La república golpeada por el populismo

El concepto clásico de república proviene del romano res- publica que significa la cosa pública. Este concepto define a la estructura política donde se establecen leyes para convivir dentro de una comunidad política. La república ha sido analizada por filósofos, juristas y políticos durante el trascurso de la historia. Desde Platón hasta Montesquieu, han brindado aportes teóricos a la construcción del concepto.

La república busca resguardar al cuerpo político mediante la justicia y el imperio de la ley. La república clásica o modelo francés, establece que el poder ejecutivo es central, pero con la separación del poder ejecutivo, legislativo y judicial. En el caso de la república americana, la Constitución federal establece que el poder lo tienen los Estados que conforman la Federación. En ambos modelos la separación de los poderes públicos y la justicia, son el eje central del republicanismo.

En su afán de convertirse en una república, Venezuela fundó su propio modelo republicano al separarse de la corona española durante el proceso de Independencia. Durante las discusiones del Congreso, se debatieron ambos modelos republicanos y se llegó a la conclusión de hacer una república híbrida.

Desde nuestra formación como república, los venezolanos han tenido que cargar sobre sus hombros el peso del caudillismo y populismo. Un líder puede definir las reglas del juego político, dejando a lado las leyes y los intereses de la comunidad política. El imperio de la ley está sujeto a una persona o un grupo político que gobierna en un momento determinado.

El imperio de la ley, donde la justicia y la Constitución está por encima de todos los ciudadanos, siempre ha estado bajo la sombra del gobierno de turno. La separación de poderes es articulada por el poder ejecutivo y ha usurpado la función de los otros poderes que le deberían colocar el peso en la balanza. Como república moderna, experimentamos la inclusión de dos nuevos poderes, el poder ciudadano y electoral. Pero tener más poderes públicos no implica que la república no esté enferma y desgastada.

Venezuela ha sido gobernada por dictadores, en dos ocasiones el país ha vivido gobiernos dictatoriales como lo fueron Juan Vicente Gómez y Marcos Pérez Jiménez. Luego llegó la democracia partidista, que sentó las bases de un gobierno con nuevas reglas. La institucionalidad y alternabilidad del poder eran la base del Pacto de Punto Fijo, pero luego el proyecto se fue desviando y salpicar a la república de otra enfermedad. Ese problema de las repúblicas latinoamericanas llamado corrupción.

Al venezolano le gusta hablar y que le hablen bonito, una frase o palabra puede encantarle hasta cegarlo por completo. Siempre justifica la existencia de un líder o el héroe que lo salve de su propio destino. El primer héroe fue Bolívar, el centro de una historia de batallas y culto al líder militar. Pero lo civil, lo ciudadano es casi olvidado en nuestra historia republicana. Porque históricamente el venezolano busca la defensa de sus derechos, pero siempre omite o evade la responsabilidad y deberes que se tienen con la república.

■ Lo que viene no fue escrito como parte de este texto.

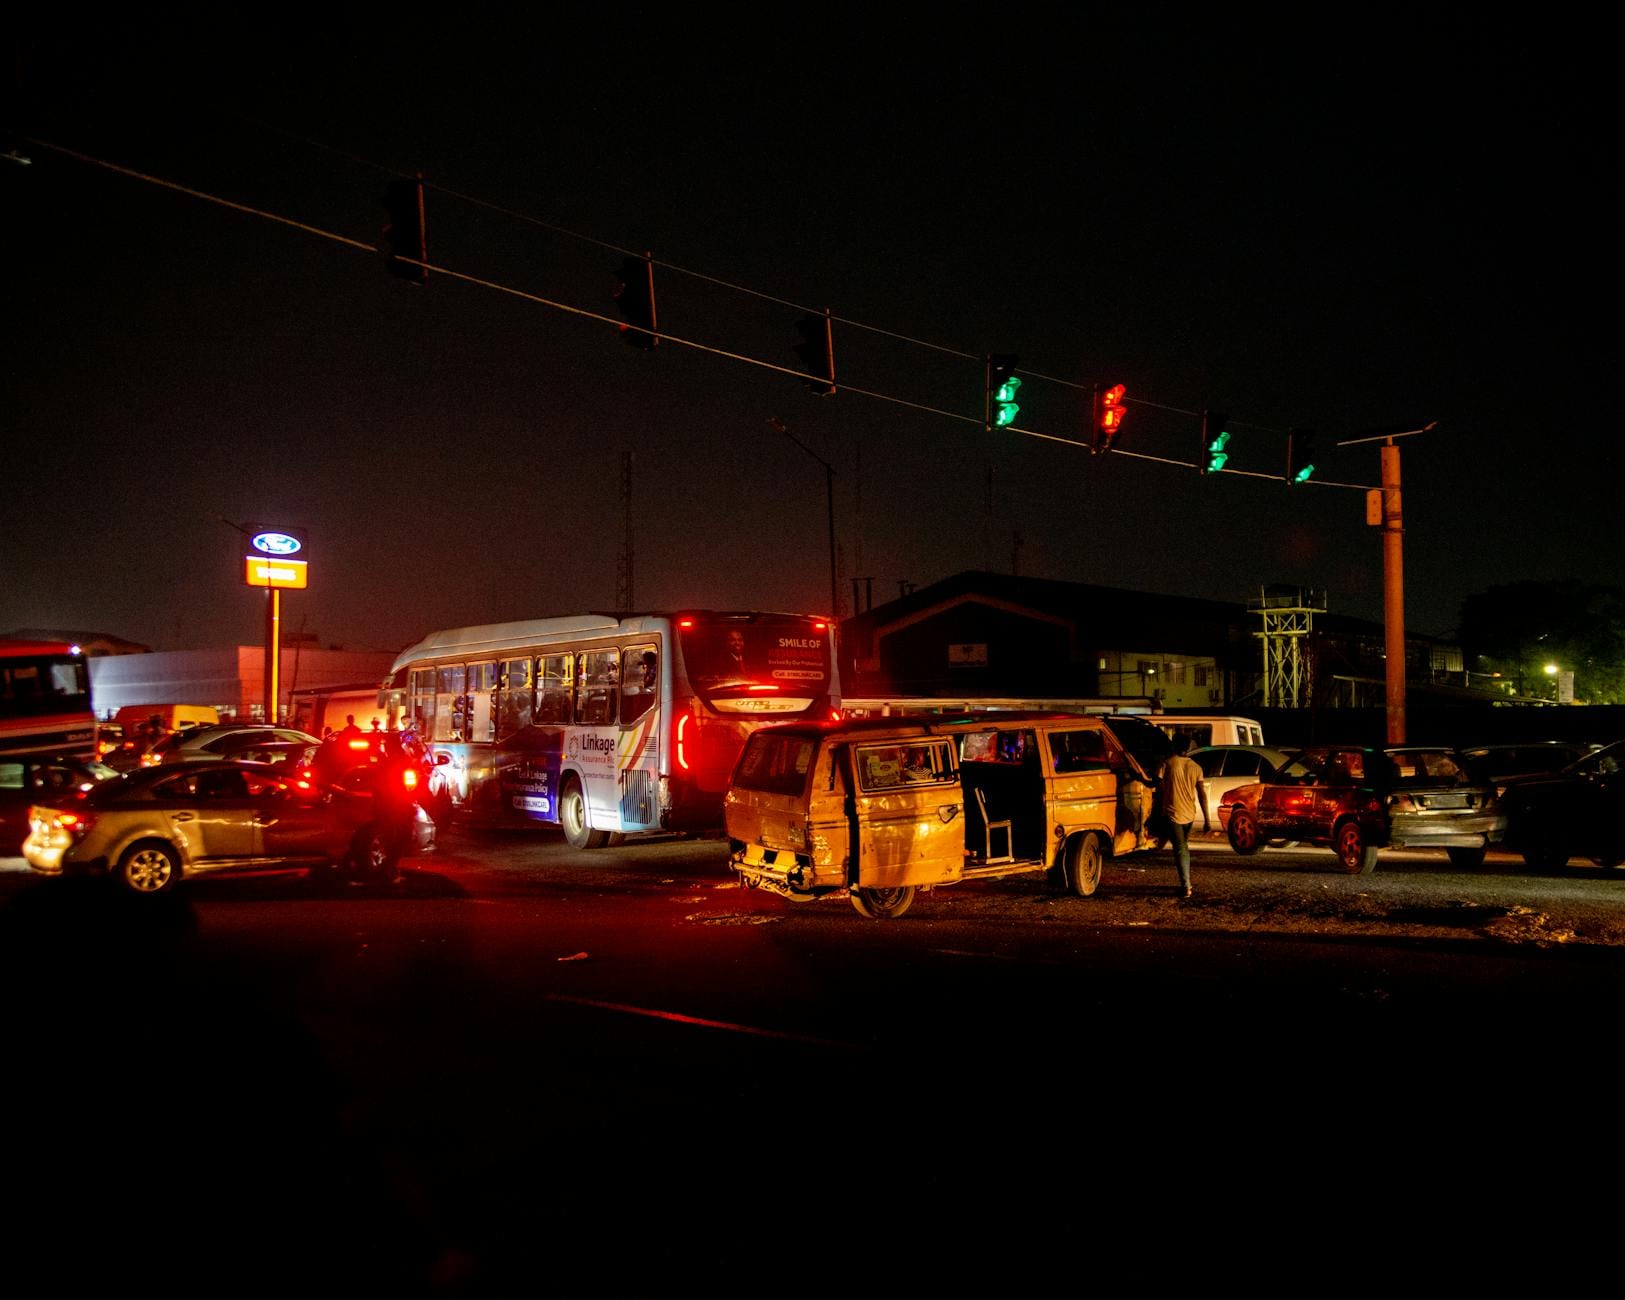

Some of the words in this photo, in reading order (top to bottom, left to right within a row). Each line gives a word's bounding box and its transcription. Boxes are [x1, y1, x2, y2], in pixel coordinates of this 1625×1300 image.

[778, 637, 808, 648] SMILE
[808, 639, 821, 648] OF
[582, 734, 615, 755] Linkage

Hace más de 20 años apareció en la opinión pública un encantador de serpientes, un líder que le hablaba bonito a quienes necesitaban una palabra de aliento. Ese líder llamado Hugo Chávez, representaba para unos la esperanza y para otros la llegada al poder de un populista. El populismo

de Chávez se afianzó cada día con sus discursos frontales, políticas sociales y capacidad de convencer a sus seguidores.

Luego de su muerte se cambió el culto a Bolívar por el culto a Chávez. Pero qué paso con los vestigios republicanos heredados en 1998, la respuesta es sencilla, fueron borrados por el Socialismo del Siglo XXI. Un proceso revolucionario que encargó de golpear a la república y concentrar todo el poder en un grupo político.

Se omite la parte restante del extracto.